[INPUT]
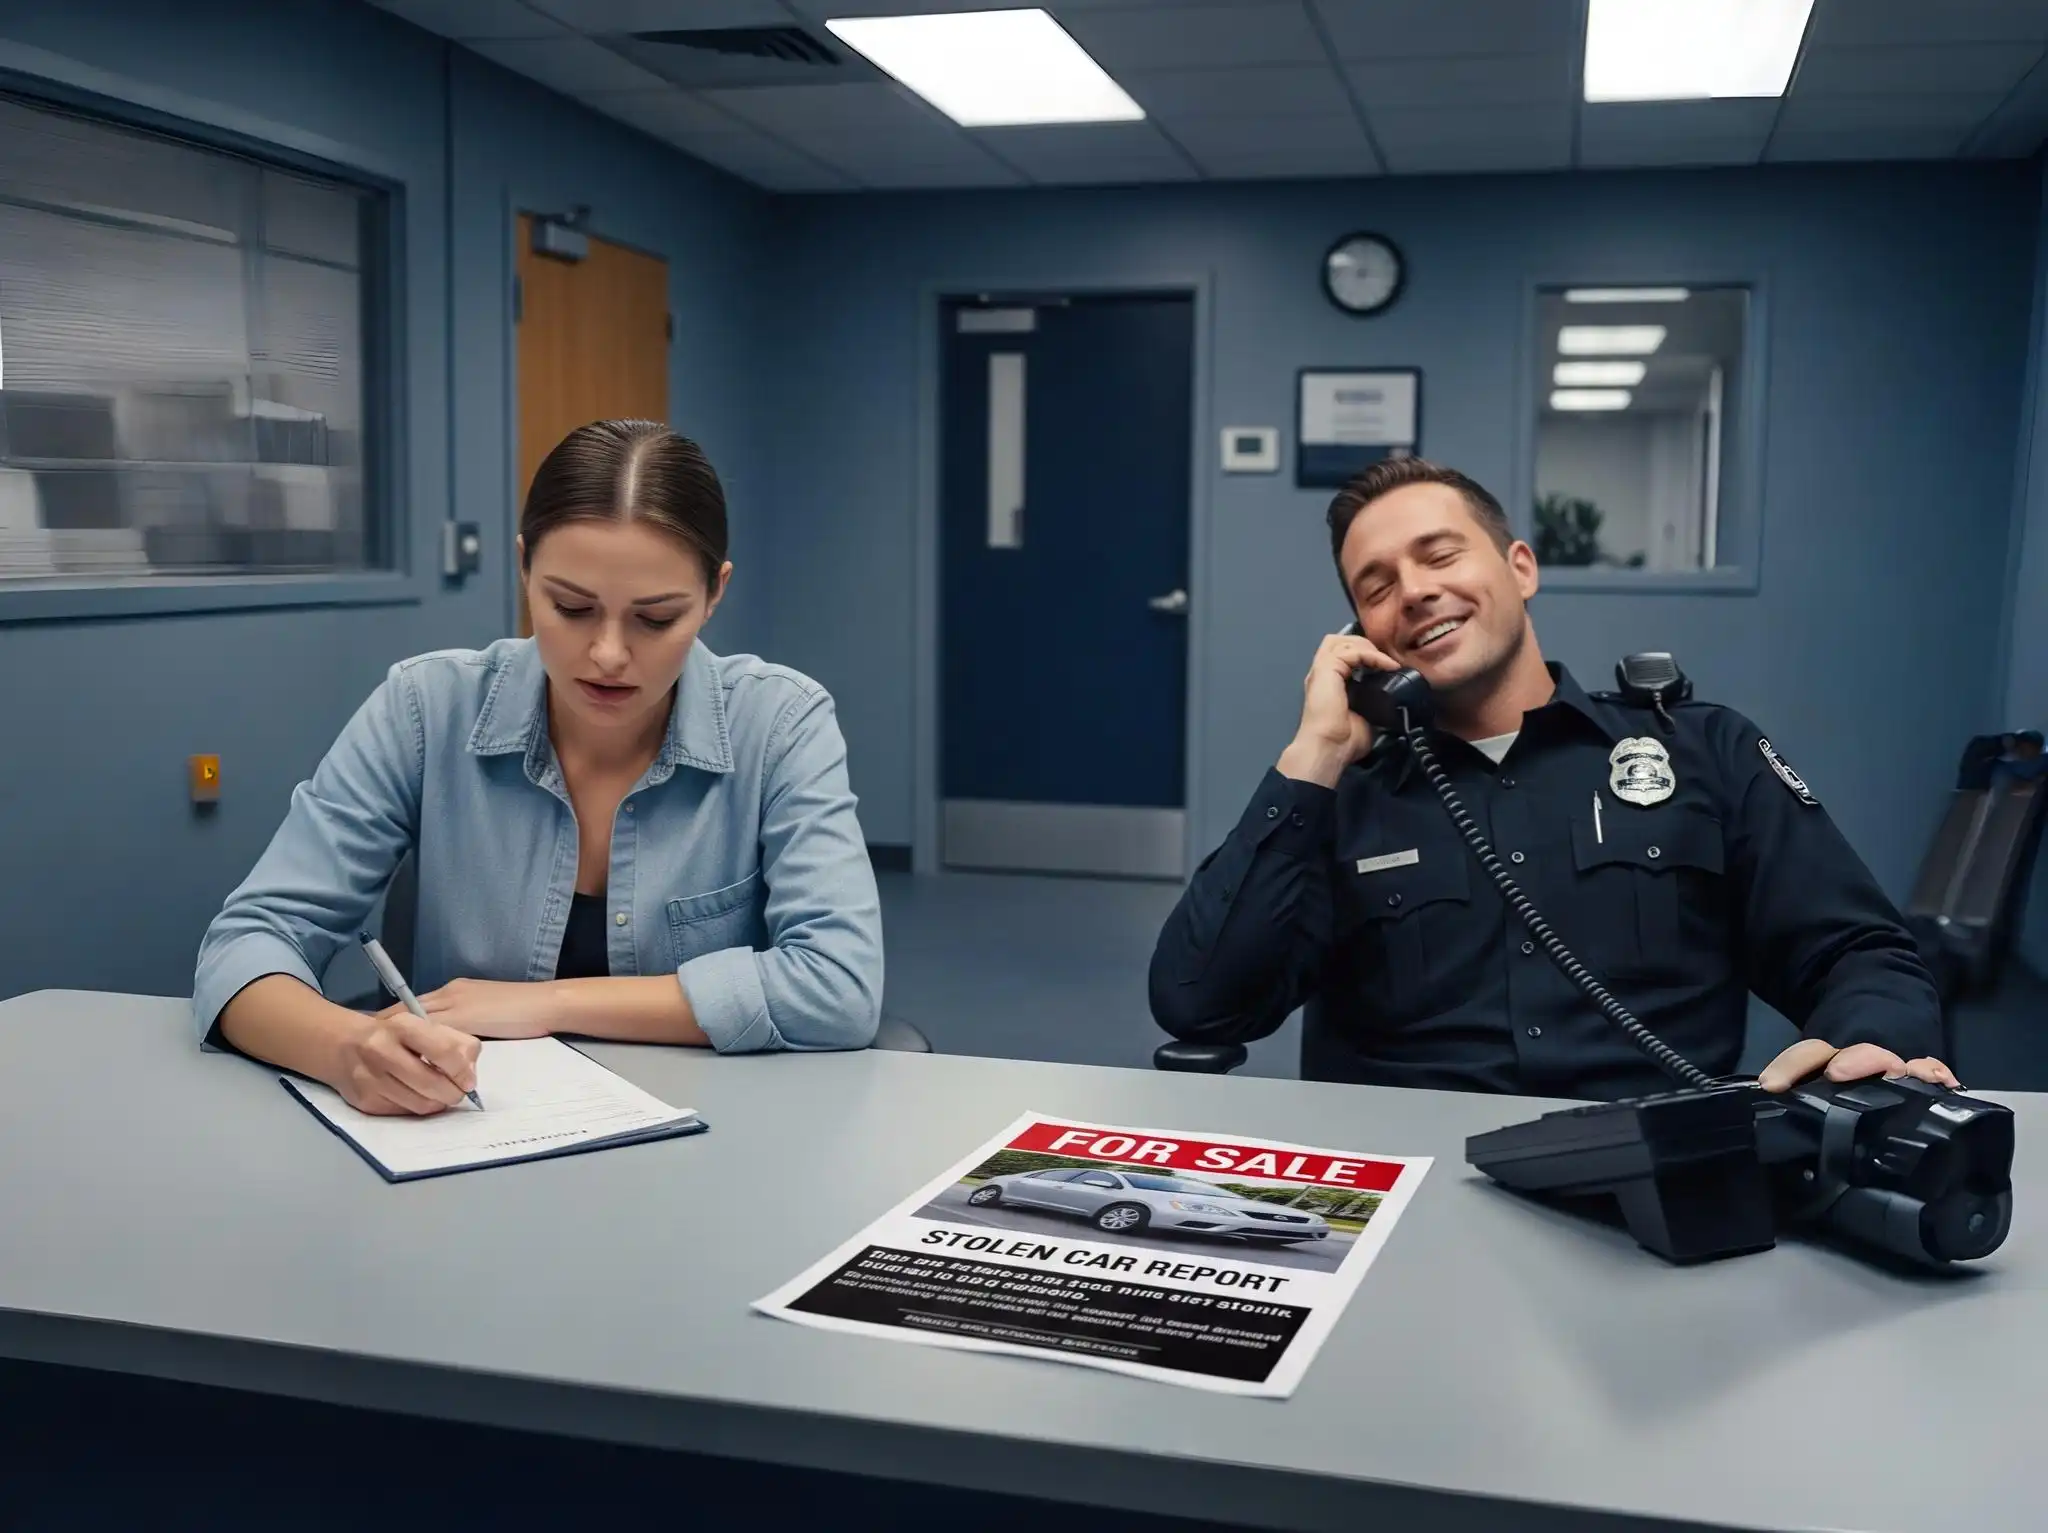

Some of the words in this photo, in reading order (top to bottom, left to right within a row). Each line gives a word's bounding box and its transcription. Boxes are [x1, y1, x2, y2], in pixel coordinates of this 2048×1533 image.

[1047, 1130, 1180, 1164] FOR
[1194, 1147, 1366, 1184] SALE
[921, 1230, 1060, 1261] STOLEN
[1063, 1250, 1138, 1272] CAR
[1143, 1260, 1290, 1293] REPORT
[/INPUT]
Set down the entries above exactly, and keep every picture out of your copy.

*RESULT OF THE EXERCISE*:
Some of the words in this photo, in reading order (top to bottom, left to right within a row). Each line gives a word's bounding box and its transcription. Boxes are [x1, y1, x2, y2], in pixel coordinates of this 2048×1533 image.

[1047, 1130, 1180, 1164] FOR
[1194, 1147, 1366, 1184] SALE
[921, 1230, 1060, 1261] STOLEN
[1063, 1250, 1138, 1272] CAR
[1143, 1260, 1290, 1293] REPORT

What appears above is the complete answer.